In the final sections, the stories of the speaker’s father and Vesalius continue to run tenuously in parallel: both make trips to the Holy Land; both find themselves stranded on their return. The analogy’s possible speciousness may well be the point, founded as it seems to be on the chance collision, in the poet’s mind, of two elements seeded in the opening conversation at the bus stop: the friend who asked the irreverent question about his father’s religious vocation happened that morning to be wearing a tracksuit purchased in Zante, a.k.a. Zakynthos, the Mediterranean island where Vesalius was shipwrecked. This synergy is only revealed in the fifth and final section, as we circle back round to Zante: the recurrence of this marginal detail suddenly takes on a mysterious significance; or is it just a ghost of pattern within the noise? It’s a gesture towards closure – Yeats’s notion that ‘a poem comes right with a click like a closing box’ – that offers no closure at all. The poem’s strands are all tied up, while left flapping loose.

I love the little coda about how the historical record fails us in practically every respect – its shrug of the shoulders. And the rueful laugh (ironic in the Alanis Morissette sense) at Zante’s being the very island ‘on which the tar was dredged / that failed to protect the ship’. The poem’s diminuendo ending reminds me of the shaggy dog story: that species of joke where all the prolonged and feverish build-up fizzles out in a punchline that deliberately isn’t a punchline. Hey, at least we know it happened in October.

A nothing to do with God

by Caleb Klaces

1996, at the bus stop, my friend, mouth brown with Marmite
          and the paler brown of nicotine,
dressed up for the last, non-uniform, day of term
          in a Kappa tracksuit brought back from Zante,
electric blue with silver trim, asked hadn’t my dad once
          been a pope or something?

*

I liked the idea of the Sistine Chapel, that it had been larger
          than Michelangelo’s life. Larger than
a football pitch. Too large to take in? I asked my father,
          wanting him to nod his head solemnly.
It’s still a general rule, that things should be larger
          than they are here, him older then

than he is now. And what an idea
          that a day could be ruined. The morning was still
as it had been before I kicked my sister
          under the train table coming home
from the old bombed Coventry Cathedral.
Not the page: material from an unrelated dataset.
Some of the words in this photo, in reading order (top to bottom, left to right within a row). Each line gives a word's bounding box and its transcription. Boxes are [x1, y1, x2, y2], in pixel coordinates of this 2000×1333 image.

In the new one

          there is a photograph of two charred beams
that fell in such a way as to resemble a crucifix.
          And there is the crucifix hung on the wall
like one charred beam fallen on another.

          My father said nothing to do with God
but looked intently towards nothing in particular
          above the altar as he gave us coins
to drop in the model of the cathedral
          inside the cathedral.

*

Not yet thirty and already a star, Andreas Vesalius
          renounced the study of anatomy.
No longer should I willingly spend long hours
          in the Cemetery of the Innocents
turning over bones, nor to Montfaucon to look at bones.
          Nor should I care to be locked out of Louvain
so that I might take away bones from the gibbet.
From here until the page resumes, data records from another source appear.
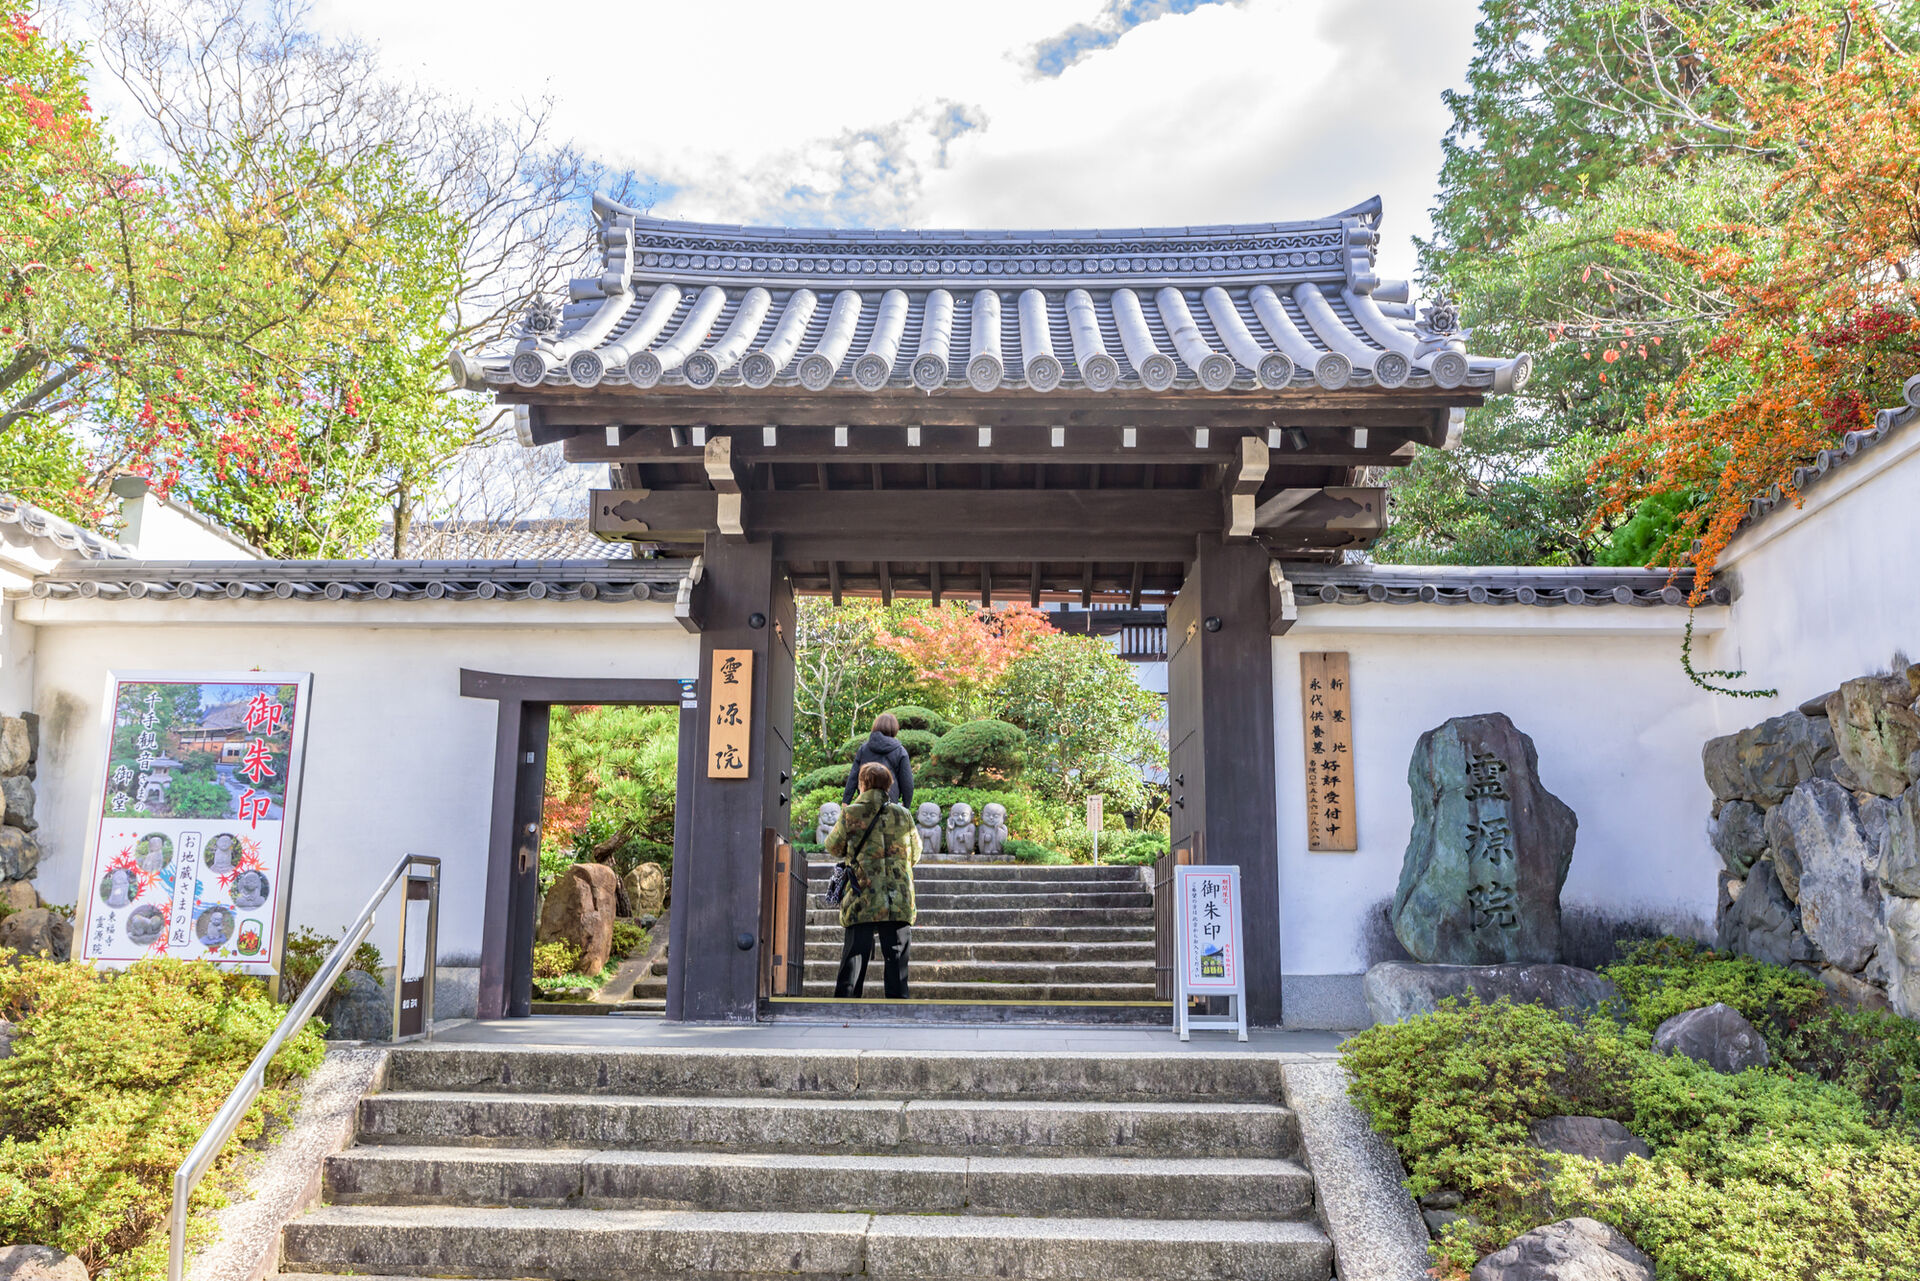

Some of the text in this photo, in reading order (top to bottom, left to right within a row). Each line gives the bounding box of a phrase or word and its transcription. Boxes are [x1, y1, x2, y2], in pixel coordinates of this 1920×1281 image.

[112, 766, 134, 812] 御堂
[135, 691, 162, 812] 千手観音さまの
[238, 692, 283, 830] 御朱印
[1321, 759, 1342, 837] 好評受付中
[172, 835, 196, 944] お地蔵さまの庭
[1200, 879, 1221, 941] 御朱印
          But he could not entirely stop
and never failed to visit any nearby medical school,
          nor to inspect the bodies on the battlefield.

*

My father hitch-hiked to Israel in 1960
          and took notes. As the train pulled out
of the station, he realised that his bag was gone.
          Would he still have become a priest,
and then not one, he asks me, if he had returned
          from Israel and Naples and Belgrade
with his notebooks – if he had
          had, after repatriation from Rotterdam
by boat, his own account of himself?

*

          Bound for Venice, after his trip
to the Holy Land, the reasons for which are lost,
          in 1564, a storm took apart his boat
and with its remains Vesalius was washed up on Zakynthos,
          the island on which the tar was dredged
that failed to protect the ship, and which is known now
          by British tourists as Zante.

Where precisely he landed is not known, nor do we know
          where he was buried, by whom.
There seems little doubt, at least,
          that this was in the month of October.

From Bottled Air (Eyewear, 2013). Reproduced with permission of the author.